▽

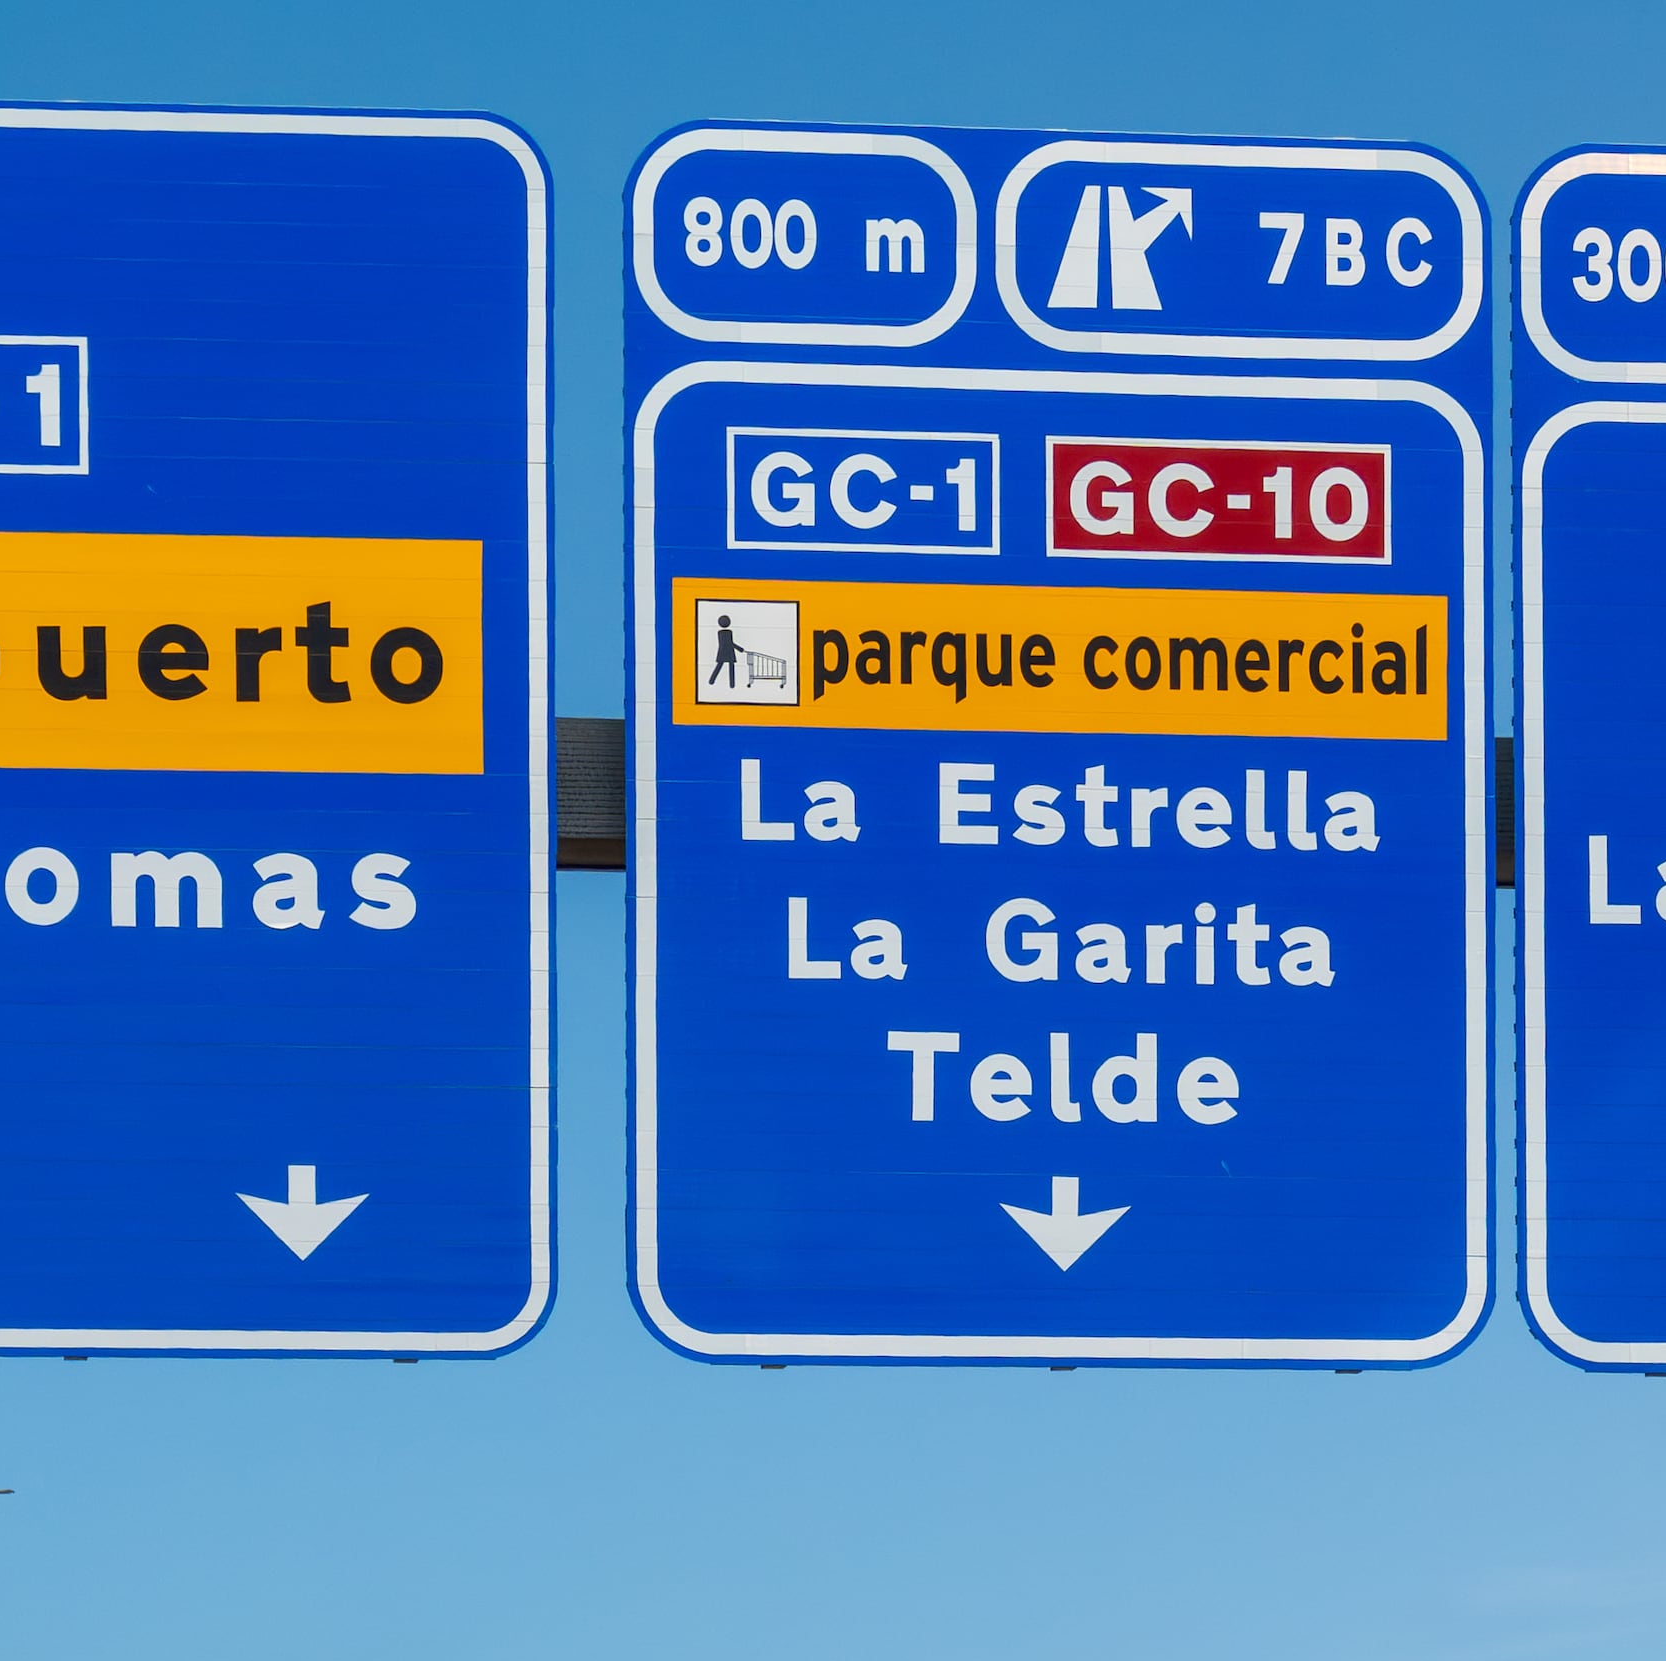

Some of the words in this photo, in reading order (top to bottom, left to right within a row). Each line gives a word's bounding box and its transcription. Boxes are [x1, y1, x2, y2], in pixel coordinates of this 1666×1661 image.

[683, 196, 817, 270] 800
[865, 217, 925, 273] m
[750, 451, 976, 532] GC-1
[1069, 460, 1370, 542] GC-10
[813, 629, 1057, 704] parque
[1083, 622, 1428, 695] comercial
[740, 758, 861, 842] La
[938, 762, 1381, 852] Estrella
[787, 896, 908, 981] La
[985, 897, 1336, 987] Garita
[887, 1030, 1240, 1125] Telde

△

## TASK PROMPT:
Transcribe the entries above word for word, but leave every picture out of your copy.

## OUTPUT:
Some of the words in this photo, in reading order (top to bottom, left to right within a row). Each line gives a word's bounding box and its transcription. Boxes are [x1, y1, x2, y2], in pixel coordinates of this 1666×1661 image.

[683, 196, 817, 270] 800
[865, 217, 925, 273] m
[750, 451, 976, 532] GC-1
[1069, 460, 1370, 542] GC-10
[813, 629, 1057, 704] parque
[1083, 622, 1428, 695] comercial
[740, 758, 861, 842] La
[938, 762, 1381, 852] Estrella
[787, 896, 908, 981] La
[985, 897, 1336, 987] Garita
[887, 1030, 1240, 1125] Telde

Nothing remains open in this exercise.